(Your task) Leave the pictures aside and give back every entry below word for word.

(Records from a data collection)
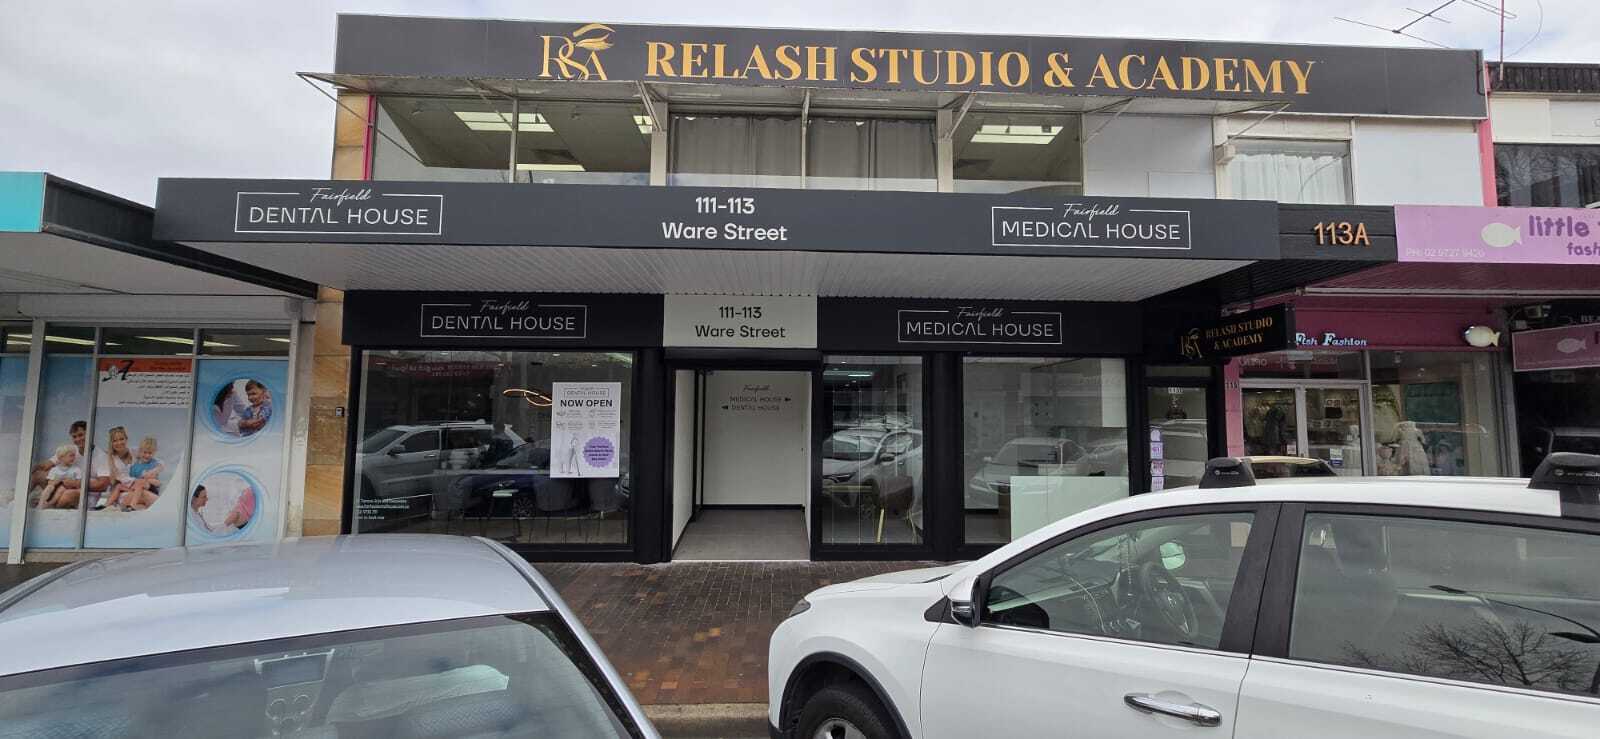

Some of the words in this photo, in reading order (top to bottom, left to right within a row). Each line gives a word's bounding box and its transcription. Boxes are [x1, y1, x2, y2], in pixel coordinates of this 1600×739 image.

[645, 41, 837, 82] RELASH
[850, 47, 1030, 87] STUDIO
[1043, 51, 1075, 88] &
[1086, 53, 1315, 95] ACADEMY
[310, 187, 372, 208] Fairfield
[695, 196, 756, 215] 111-113
[249, 206, 339, 225] DENTAL
[347, 207, 429, 226] HOUSE
[1063, 203, 1120, 221] Fairfield
[662, 222, 718, 240] Ware
[723, 222, 789, 241] Street
[1002, 220, 1100, 239] MEDICAL
[1106, 223, 1182, 240] HOUSE
[1313, 221, 1371, 247] 113A
[1528, 214, 1590, 237] little
[479, 299, 530, 315] Fairfield
[718, 306, 763, 319] 111-113
[956, 305, 1004, 321] Fairfield
[432, 315, 504, 330] DENTAL
[510, 316, 576, 331] HOUSE
[694, 325, 735, 338] Ware
[740, 324, 786, 338] Street
[906, 321, 987, 336] MEDICAL
[992, 323, 1054, 337] HOUSE
[1237, 316, 1273, 333] STUDIO
[1222, 332, 1265, 350] ACADEMY
[1322, 332, 1367, 346] Fashion
[560, 399, 583, 407] NOW
[586, 399, 613, 408] OPEN
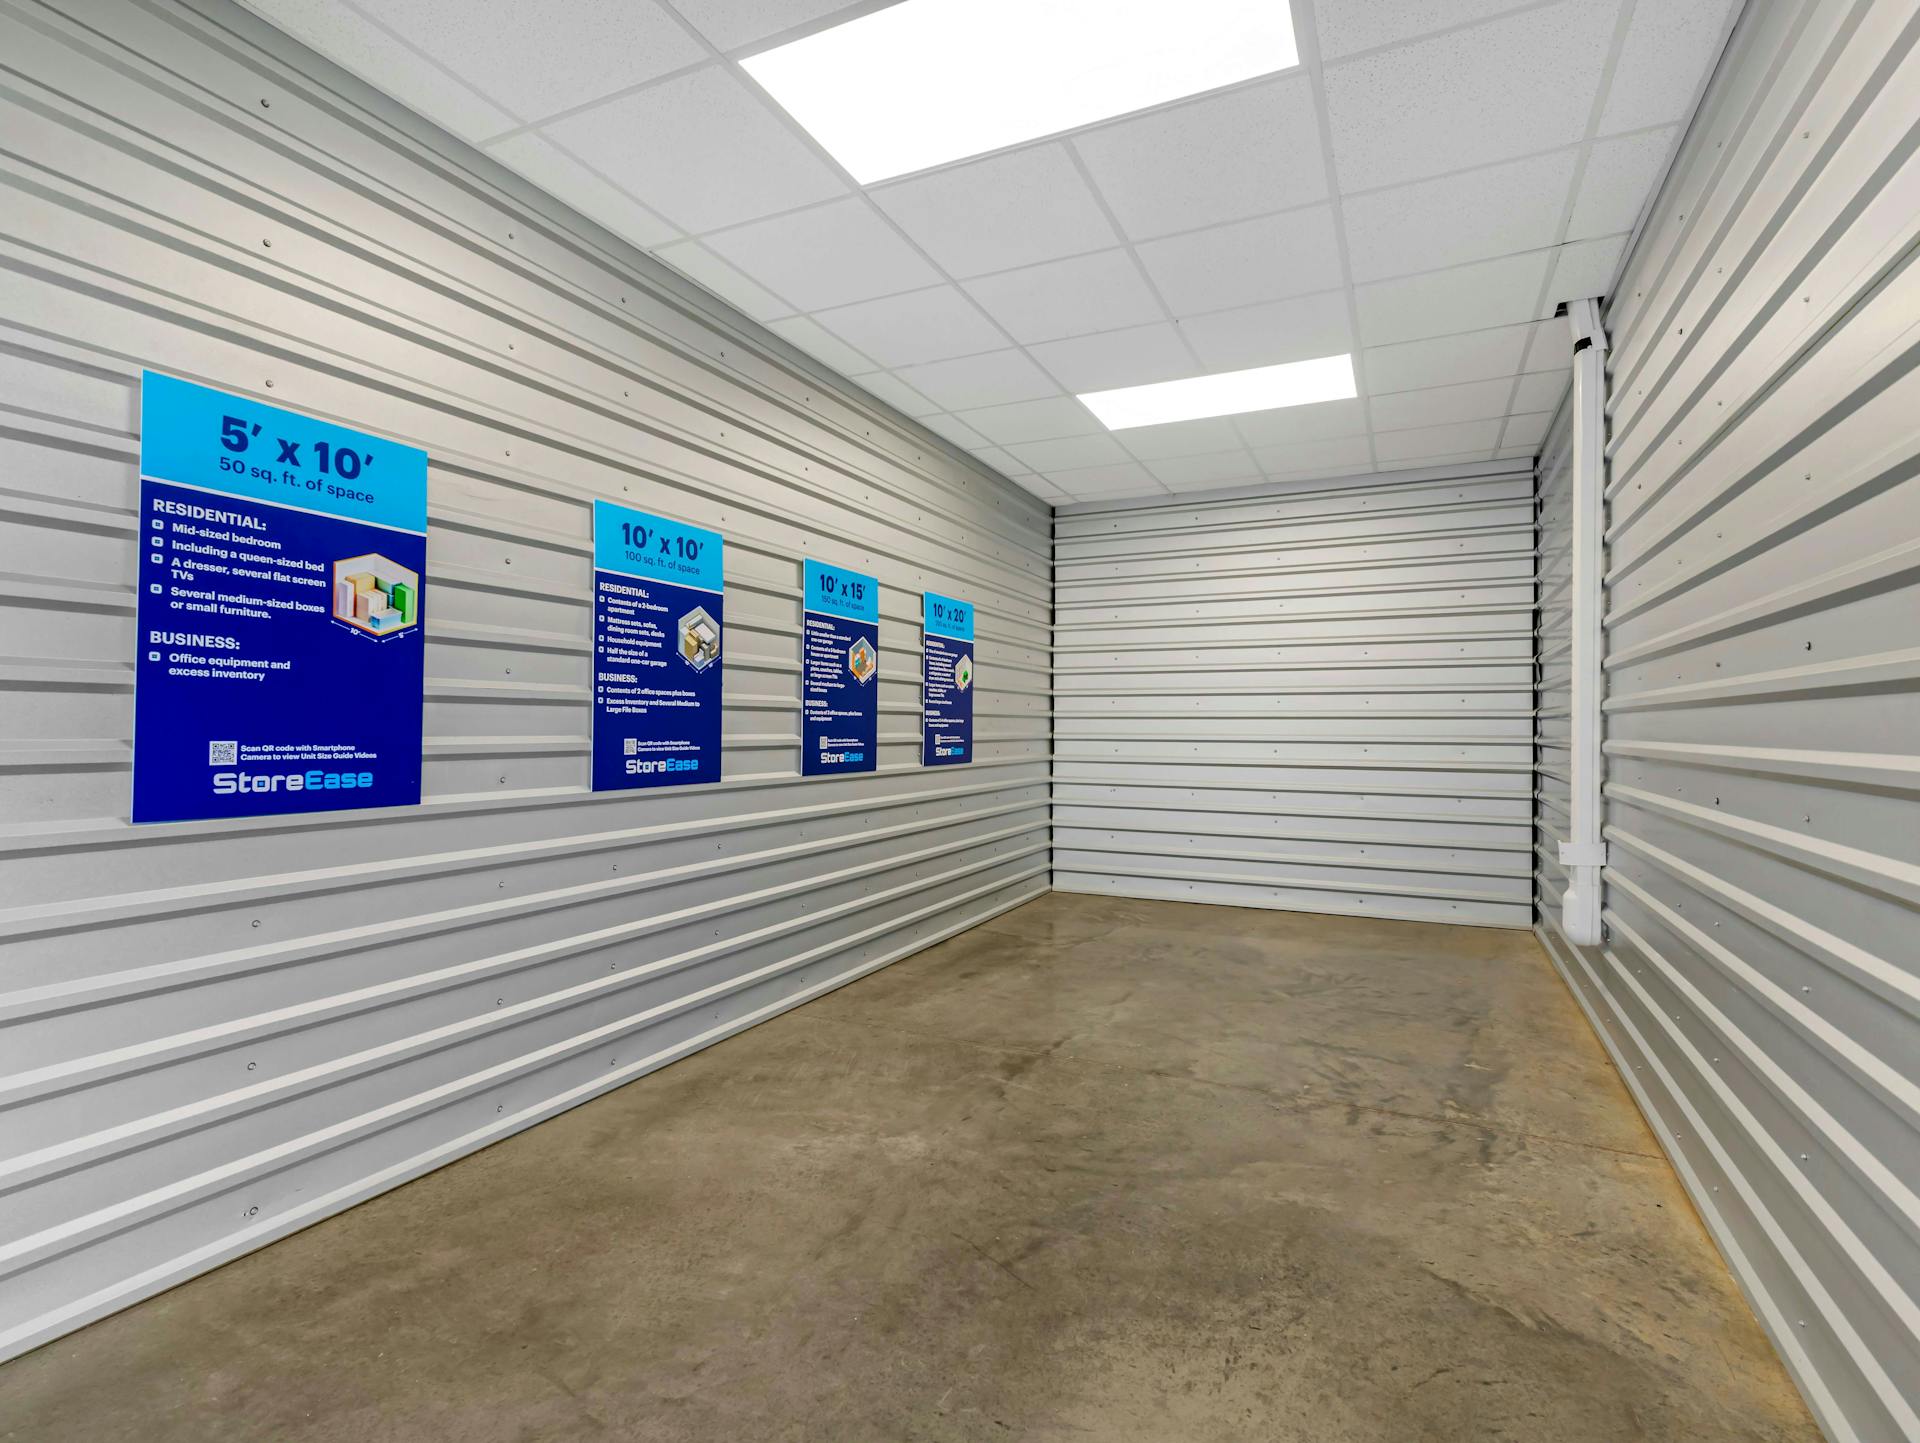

(Exercise output)
Some of the words in this photo, in reading order (top to bottom, left to right within a row). Each line gives a word's bounding box and its transcription. Boxes are [x1, y1, x2, y2], in pixel coordinates of this 1600×739 image.

[645, 41, 837, 82] RELASH
[850, 47, 1030, 87] STUDIO
[1043, 51, 1075, 88] &
[1086, 53, 1315, 95] ACADEMY
[310, 187, 372, 208] Fairfield
[695, 196, 756, 215] 111-113
[249, 206, 339, 225] DENTAL
[347, 207, 429, 226] HOUSE
[1063, 203, 1120, 221] Fairfield
[662, 222, 718, 240] Ware
[723, 222, 789, 241] Street
[1002, 220, 1100, 239] MEDICAL
[1106, 223, 1182, 240] HOUSE
[1313, 221, 1371, 247] 113A
[1528, 214, 1590, 237] little
[479, 299, 530, 315] Fairfield
[718, 306, 763, 319] 111-113
[956, 305, 1004, 321] Fairfield
[432, 315, 504, 330] DENTAL
[510, 316, 576, 331] HOUSE
[694, 325, 735, 338] Ware
[740, 324, 786, 338] Street
[906, 321, 987, 336] MEDICAL
[992, 323, 1054, 337] HOUSE
[1237, 316, 1273, 333] STUDIO
[1222, 332, 1265, 350] ACADEMY
[1322, 332, 1367, 346] Fashion
[560, 399, 583, 407] NOW
[586, 399, 613, 408] OPEN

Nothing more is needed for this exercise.